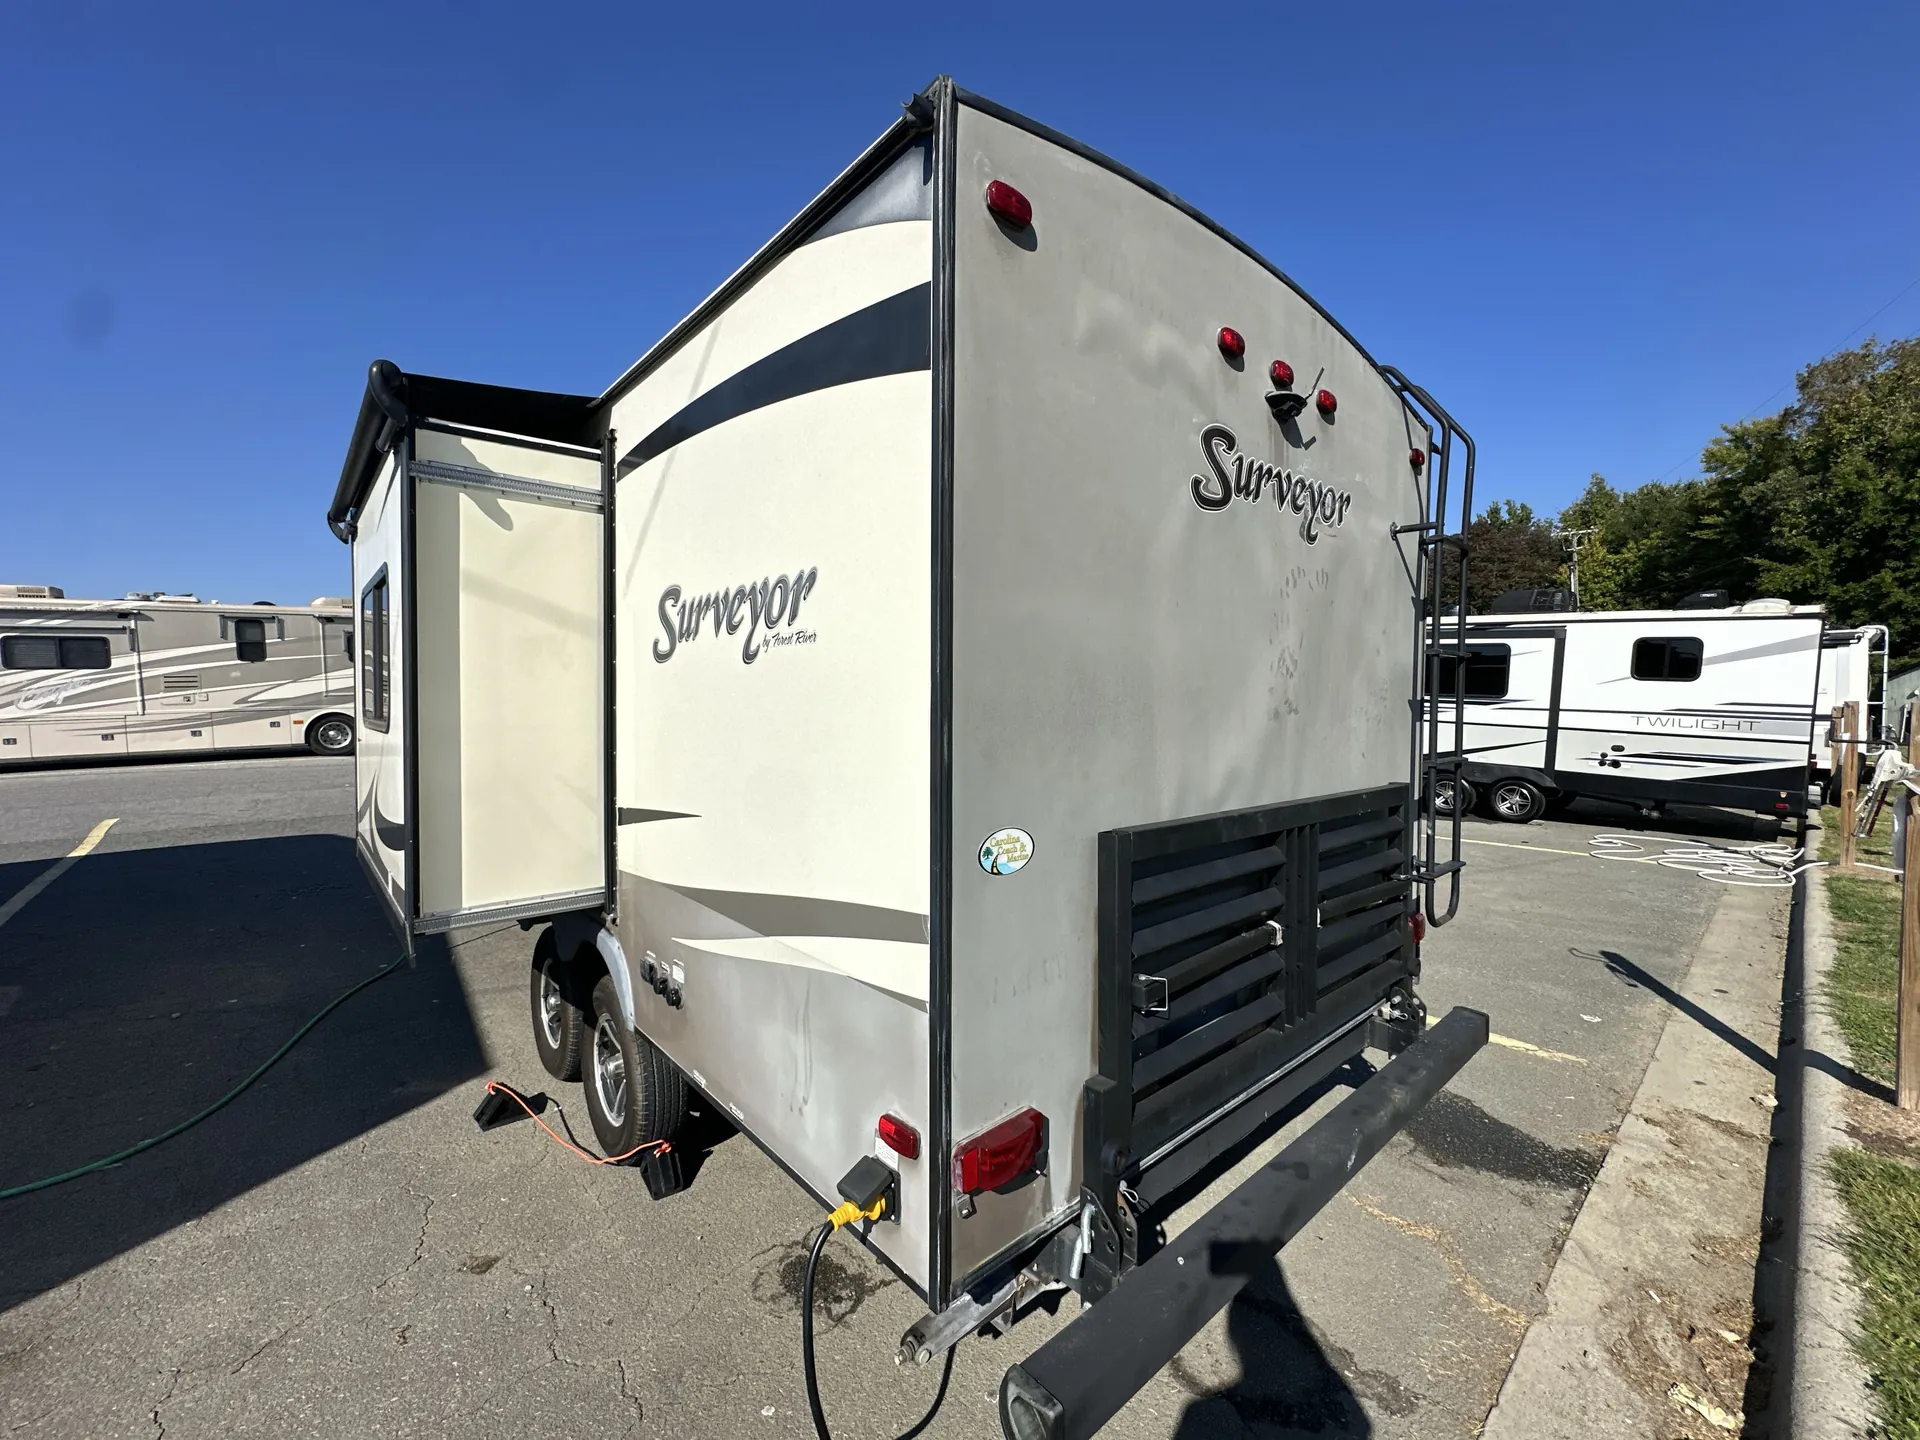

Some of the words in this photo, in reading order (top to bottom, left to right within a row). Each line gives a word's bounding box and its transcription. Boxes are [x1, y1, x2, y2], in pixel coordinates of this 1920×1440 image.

[1190, 423, 1351, 546] Surveyor
[653, 566, 818, 665] Surveyor
[762, 632, 772, 653] by
[772, 632, 794, 648] Forest
[795, 630, 817, 645] River
[1631, 716, 1761, 732] TWILIGHT
[1019, 842, 1027, 853] &
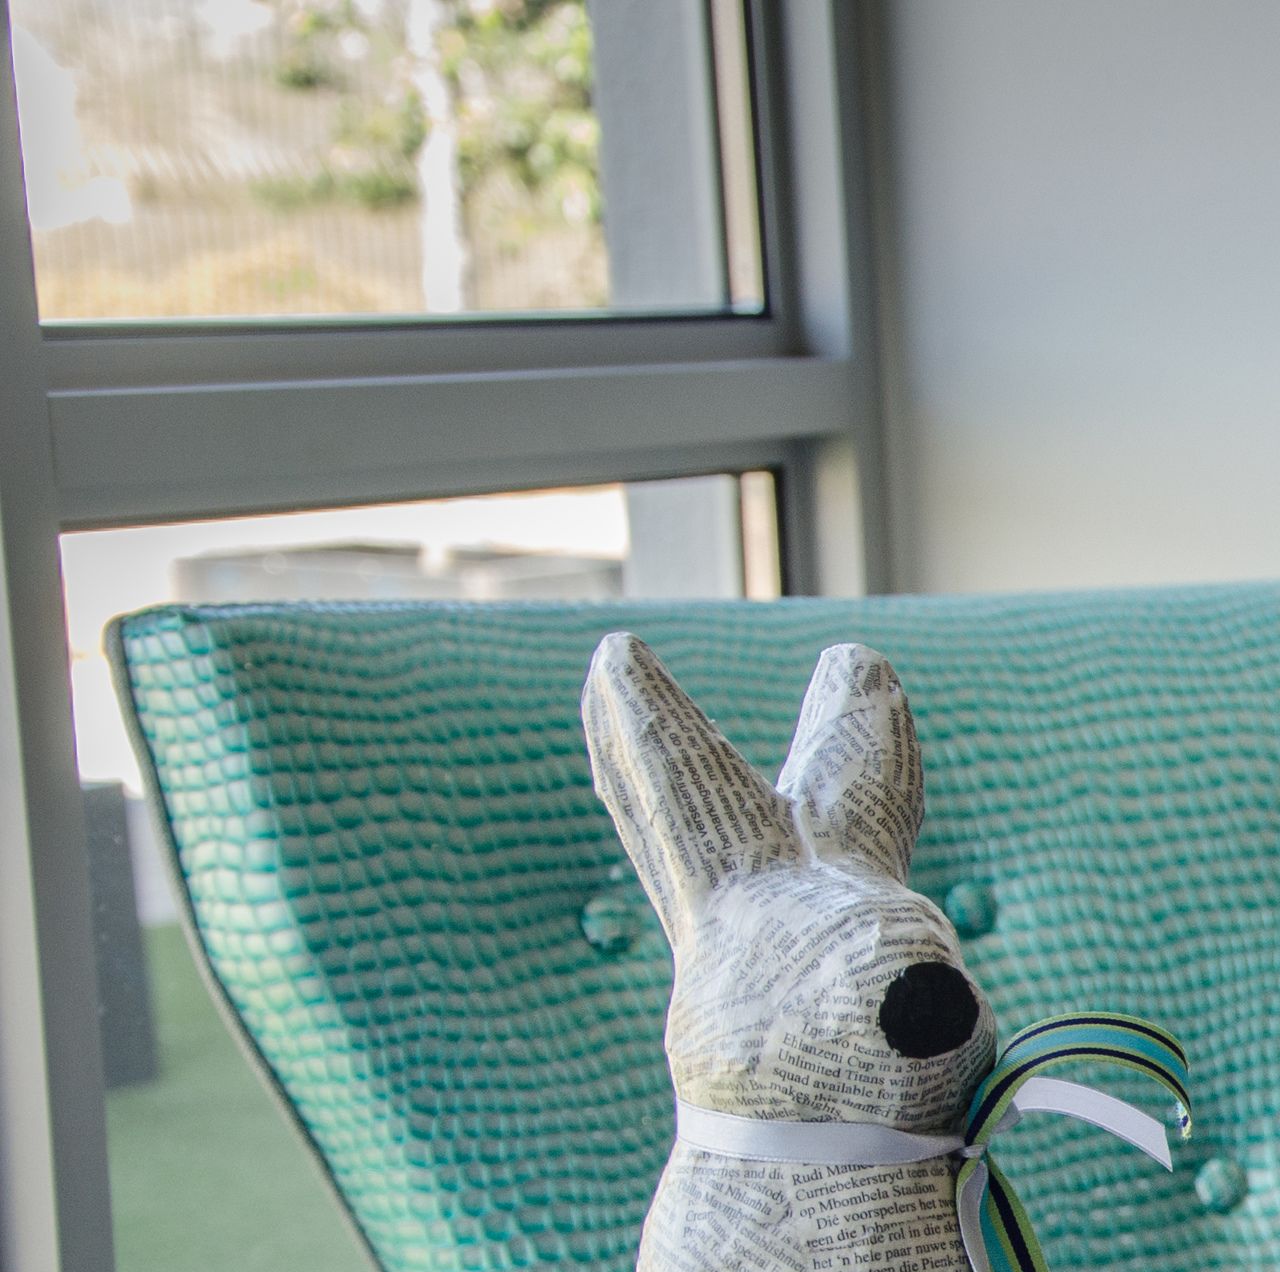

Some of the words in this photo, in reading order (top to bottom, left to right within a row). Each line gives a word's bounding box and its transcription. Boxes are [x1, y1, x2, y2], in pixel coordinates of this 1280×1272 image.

[820, 1187, 889, 1211] Mbombela
[844, 1201, 916, 1222] voorspelers
[813, 1257, 832, 1270] het

---+---

▶ WHAT TO WORK ON
The answer must be the line containing "this 1280×1272 image." and every line after it to the end of the data, each set down exactly.

▶ ANSWER TO THIS TASK
Some of the words in this photo, in reading order (top to bottom, left to right within a row). Each line gives a word's bounding box and its transcription. Boxes are [x1, y1, x2, y2], in pixel coordinates of this 1280×1272 image.

[820, 1187, 889, 1211] Mbombela
[844, 1201, 916, 1222] voorspelers
[813, 1257, 832, 1270] het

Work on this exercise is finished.